As it became clear that the Arctic ice did not hide an open sea, attempts to reach the Pole were made on foot. In 1827 Edward Parry sailed to Svalbard and headed north with two small boats which could be set on runners and towed as sledges. The ice surface was rougher than expected, however, and to make matters worse, the ice was drifting south nearly as fast as the men progressed northward. After struggling for 680 miles (1100 kilometers), they had reached only 82 45'N. By July 22, the Pole was still 500 miles (800 kilometers) distant, and Parry had to admit defeat.

The next serious attempt on the Pole was made by the British Arctic Expedition of 1875—76, commanded by George Nares, who took the steam sloop Alert and the steam whaler Discovery to what is now known as Nares Strait, between Greenland and Ellesmere Island.

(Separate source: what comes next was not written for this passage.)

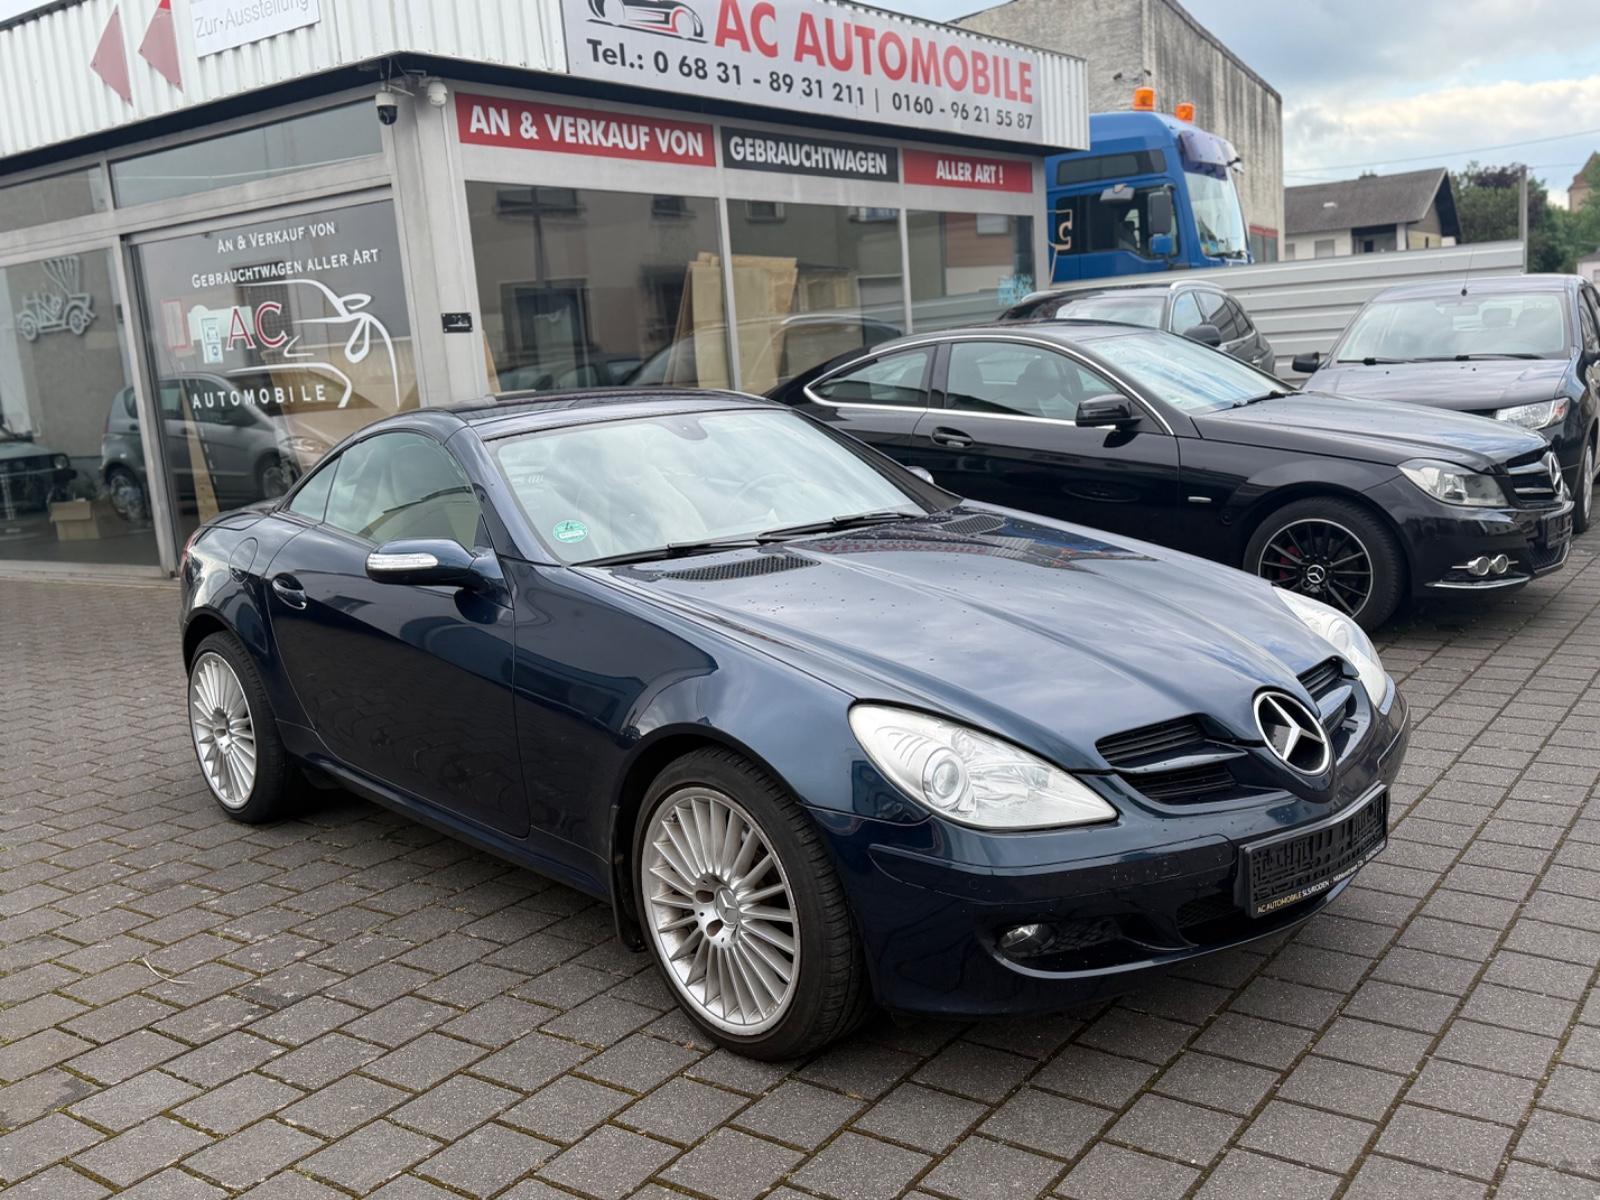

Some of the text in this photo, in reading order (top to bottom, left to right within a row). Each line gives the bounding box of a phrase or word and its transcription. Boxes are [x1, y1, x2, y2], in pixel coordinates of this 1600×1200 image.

Nares sent out sledging parties to explore and survey the northern coast, and one of his teams, led by A. H. Markham, crossed rough hummocky ice and deep powdery snow to reach a new furthest north of 83°20'N off Cape Joseph Henry. At the end of the first year a serious outbreak of scurvy forced Nares to return. The expedition had failed in its declared aim, but it had succeeded in gathering valuable geological and natural history collections.
 
 

Nares George Strong

Vice-Admiral Sir George Strong Nares (24 April 1831–15 January 1915) was a British naval officer and Arctic explorer. He commanded the first ship to pass through the Suez Canal, the Challenger Expedition and the British Arctic Expedition. He was highly thought of as a leader and scientific explorer. In later life he worked for the Board of Trade and as Acting Conservator of the River Mersey, and died in 1915 aged 83.

Family
He was born on 24 April 1831, the third son and sixth child of Commander William Henry Nares, a British naval officer, and Elizabeth Rebecca Gould, at Llansenseld, near Abergavenny in Monmouthshire. He was baptised at the church of St Bridget, Llansanffraid on 22 May. He married Mary Grant, the eldest daughter of a Portsmouth banker, on 22 June 1858. They had four sons and six daughters. His two youngest sons, George Edward Nares (lieutenant, d. 1905) and John Dodd Nares (vice-admiral, d. 1957) entered the Royal Navy.

 

Sir George Strong Nares
  Education and early service in the Royal Navy
He was educated at the Royal Naval School in New Cross, and in 1845 joined the Royal Navy aboard Canopus, an old battleship captured from the French. Following a posting to Havannah on the Australian station in 1848 during which he served as both midshipman and mate, he returned in 1851 and passed his lieutenant's exam in 1852.

First Arctic experience
While returning to England in Havannah in 1851, Nares had met Commander George Henry Richards, a future Hydrographer of the Navy, who had suggested he apply to Sir Edward Belcher for a place on his search for Sir John Franklin. Nares was accepted as the second mate of Resolute, and thus gained valuable early experience of the Arctic during the 1852-1854 expedition.

Gunnery specialist
In 1854 Nares received his promotion to lieutenant and specialised as a gunnery officer. He joined the new battleship Conqueror in 1854, including service in the Mediterranean during the Crimean War. During this time he was loaned to the Aetna-class ironclad floating battery Glatton under the command of Captain Arthur Cumming. Glatton arrived in the Black Sea too late to see action.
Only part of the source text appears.